A spokesman told the Washington Post on Saturday that the January dates Jones mentioned could represent if someone came into contact with a COVID-19 positive person or if the person visited the place where they might be familiar with the novel Coronavirus has infected.
"Epidemiologists collect information that informs the Department of Health about symptoms, contacts, and the location of a person where they may have acquired COVID-19," the spokesman told the Washington Post. "The first date of entry in response to a question whether COVID-related or not is known as the event date."

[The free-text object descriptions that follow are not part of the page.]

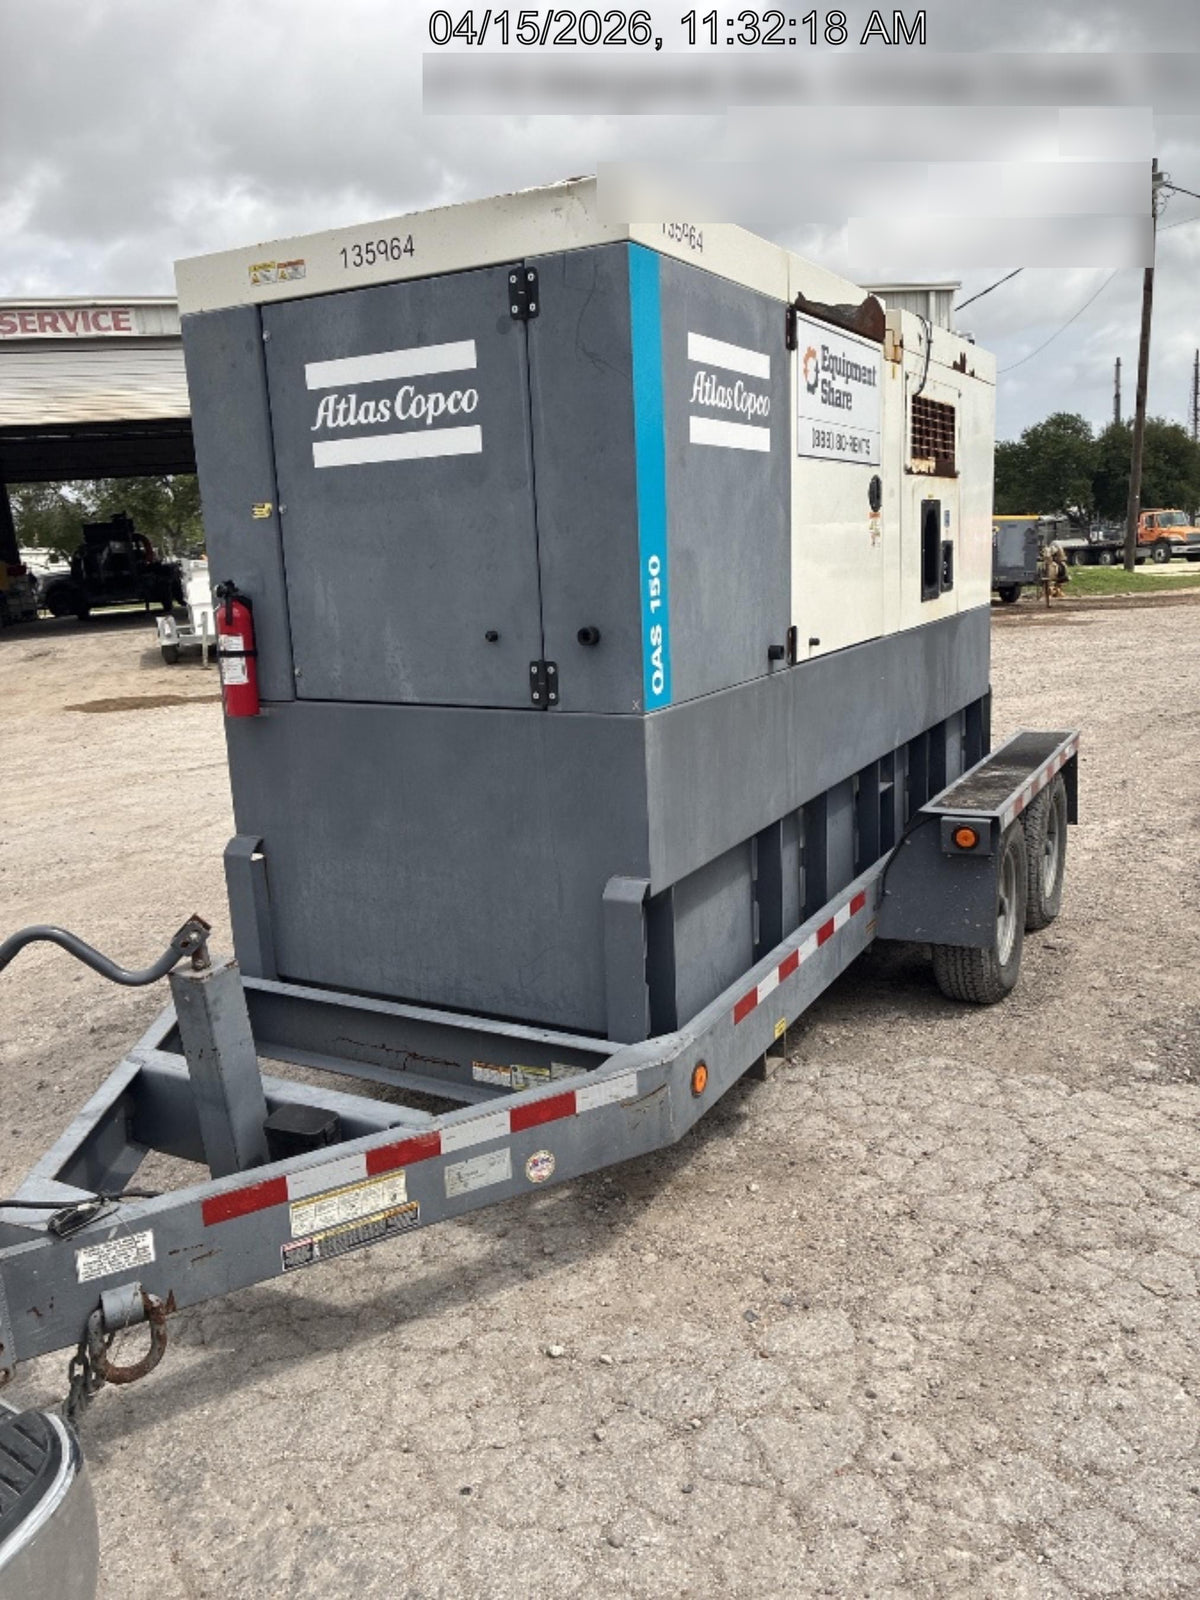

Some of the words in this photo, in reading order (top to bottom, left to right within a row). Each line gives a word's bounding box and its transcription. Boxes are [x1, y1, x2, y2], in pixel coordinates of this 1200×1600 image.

[340, 234, 415, 269] 135964
[0, 310, 132, 334] SERVICE
[821, 344, 877, 387] Equipment
[310, 393, 391, 431] Atlas
[394, 385, 479, 425] Copco
[689, 371, 733, 410] Atlas
[733, 379, 771, 420] Copco
[821, 378, 853, 411] Share
[648, 555, 661, 614] 150

According to Jones, the number of COVID-19 tests performed is excessive because it represents the number of samples taken and not the number of people tested. According to the state portal, a total of 1,371,401 people were tested. According to Jones' calculation, approximately 300,000 fewer people - 1,078,088 - were tested in Florida.
According to Jones' portal, 81,269 people in Florida have tested COVID-19 positive since early March. The official portal reports that 73,552 have been infected with the virus so far. Jones informed the Washington Post that their portal considers positive antibody tests, while the state portal only counts people who tested positive for the virus at the time of the test.
On Friday, DeSantis attributed the increasing number of COVID-19 infections and deaths to state farm workers in the state, although farm workers and the state's prison population are unlikely to be responsible for the total of 1,902 new cases on Friday. Most of the day in Florida through Saturday.
The state reported 2,581 new cases and 48 new deaths since Friday, according to the Miami Herald.